A producer object can be used by multiple threads to send messages. Its typical to start with one producer and one thread.
If better throughput is needed, more threads that use the same producer can be added. Once this ceases to increase throughput, more producers to the application to achieve even higher throughput can be added.
If we add more consumers to a single group with a single topic than we have partitions, some of the consumers will be idle and get no messages at all.
The main way we scale data consumption from a Kafka topic is by adding more consumers to a consumer group. It is common for Kafka consumers to do high-latency operations such as write to a database or a time-consuming computation on the data.

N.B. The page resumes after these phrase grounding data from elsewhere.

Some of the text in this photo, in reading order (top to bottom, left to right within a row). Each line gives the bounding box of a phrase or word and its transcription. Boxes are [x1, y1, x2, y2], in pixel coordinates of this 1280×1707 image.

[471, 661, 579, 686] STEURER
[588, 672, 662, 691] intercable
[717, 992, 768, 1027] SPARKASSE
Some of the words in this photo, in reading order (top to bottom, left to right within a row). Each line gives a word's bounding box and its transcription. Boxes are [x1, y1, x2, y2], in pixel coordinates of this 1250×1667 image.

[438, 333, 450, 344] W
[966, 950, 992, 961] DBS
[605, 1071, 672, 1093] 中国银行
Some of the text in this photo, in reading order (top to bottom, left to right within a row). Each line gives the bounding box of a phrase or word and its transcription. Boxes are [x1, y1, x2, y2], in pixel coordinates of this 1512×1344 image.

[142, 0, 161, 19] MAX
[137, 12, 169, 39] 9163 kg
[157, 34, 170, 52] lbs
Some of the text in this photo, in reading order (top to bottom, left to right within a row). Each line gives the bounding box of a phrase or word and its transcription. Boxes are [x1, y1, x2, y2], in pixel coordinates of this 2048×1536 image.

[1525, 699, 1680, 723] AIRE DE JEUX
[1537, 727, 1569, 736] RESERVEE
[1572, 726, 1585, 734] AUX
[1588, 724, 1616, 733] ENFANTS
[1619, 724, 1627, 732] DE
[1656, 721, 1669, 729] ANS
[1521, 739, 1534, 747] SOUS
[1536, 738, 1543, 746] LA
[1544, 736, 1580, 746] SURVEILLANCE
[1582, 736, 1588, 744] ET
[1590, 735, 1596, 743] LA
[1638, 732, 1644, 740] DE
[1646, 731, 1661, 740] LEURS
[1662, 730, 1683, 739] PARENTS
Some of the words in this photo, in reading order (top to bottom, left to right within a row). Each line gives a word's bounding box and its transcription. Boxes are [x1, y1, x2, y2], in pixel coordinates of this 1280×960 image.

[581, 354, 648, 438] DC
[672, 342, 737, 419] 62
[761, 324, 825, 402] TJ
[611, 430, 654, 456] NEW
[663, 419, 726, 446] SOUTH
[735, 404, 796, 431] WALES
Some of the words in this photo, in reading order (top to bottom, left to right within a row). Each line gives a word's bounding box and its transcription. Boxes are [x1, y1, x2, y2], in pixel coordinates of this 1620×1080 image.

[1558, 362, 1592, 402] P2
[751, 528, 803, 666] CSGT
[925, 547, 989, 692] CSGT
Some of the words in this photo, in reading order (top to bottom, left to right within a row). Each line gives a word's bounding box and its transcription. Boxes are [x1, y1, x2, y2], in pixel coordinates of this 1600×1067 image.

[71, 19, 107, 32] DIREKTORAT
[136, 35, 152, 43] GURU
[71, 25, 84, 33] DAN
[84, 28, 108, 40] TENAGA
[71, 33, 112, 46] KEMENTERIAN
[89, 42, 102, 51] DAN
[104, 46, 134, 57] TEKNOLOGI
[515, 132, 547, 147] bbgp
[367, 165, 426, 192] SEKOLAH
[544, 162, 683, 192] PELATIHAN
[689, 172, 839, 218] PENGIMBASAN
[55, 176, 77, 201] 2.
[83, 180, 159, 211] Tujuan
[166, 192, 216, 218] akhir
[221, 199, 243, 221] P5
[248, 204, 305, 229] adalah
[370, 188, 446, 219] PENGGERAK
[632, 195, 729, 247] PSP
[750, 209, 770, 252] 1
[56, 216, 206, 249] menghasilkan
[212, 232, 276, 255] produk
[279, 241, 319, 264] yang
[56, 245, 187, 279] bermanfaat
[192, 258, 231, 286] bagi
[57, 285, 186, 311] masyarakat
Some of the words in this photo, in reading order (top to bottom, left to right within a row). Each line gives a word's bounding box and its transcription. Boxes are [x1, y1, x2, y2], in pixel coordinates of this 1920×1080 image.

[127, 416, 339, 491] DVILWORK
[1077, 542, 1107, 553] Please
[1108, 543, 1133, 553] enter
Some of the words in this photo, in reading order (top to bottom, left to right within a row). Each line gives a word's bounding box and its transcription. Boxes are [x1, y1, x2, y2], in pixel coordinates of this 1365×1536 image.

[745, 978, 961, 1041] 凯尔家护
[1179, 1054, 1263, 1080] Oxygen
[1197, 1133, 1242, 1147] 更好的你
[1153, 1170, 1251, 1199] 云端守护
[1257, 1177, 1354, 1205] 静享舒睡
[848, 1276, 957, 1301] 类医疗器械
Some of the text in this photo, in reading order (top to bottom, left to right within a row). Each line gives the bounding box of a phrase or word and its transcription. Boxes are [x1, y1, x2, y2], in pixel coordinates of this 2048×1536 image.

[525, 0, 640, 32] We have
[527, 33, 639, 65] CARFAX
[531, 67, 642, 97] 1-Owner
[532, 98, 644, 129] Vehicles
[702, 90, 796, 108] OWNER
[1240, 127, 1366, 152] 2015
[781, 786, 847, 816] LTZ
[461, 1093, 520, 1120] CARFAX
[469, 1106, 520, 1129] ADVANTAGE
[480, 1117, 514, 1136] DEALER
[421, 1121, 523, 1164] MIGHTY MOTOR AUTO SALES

In these cases, a single consumer can’t possibly keep up with the rate data flows into a topic, and adding more consumers that share the load by having each consumer own just a subset of the partitions and messages is our main method of scaling. This is a good reason to create topics with a large number of partitions—it allows adding more consumers when the load increases.
In addition to having multiple consumers within a group, we may also have multiple consumer groups to the same topic. Kafka scales to large number of consumer groups and consumers without impacting performance.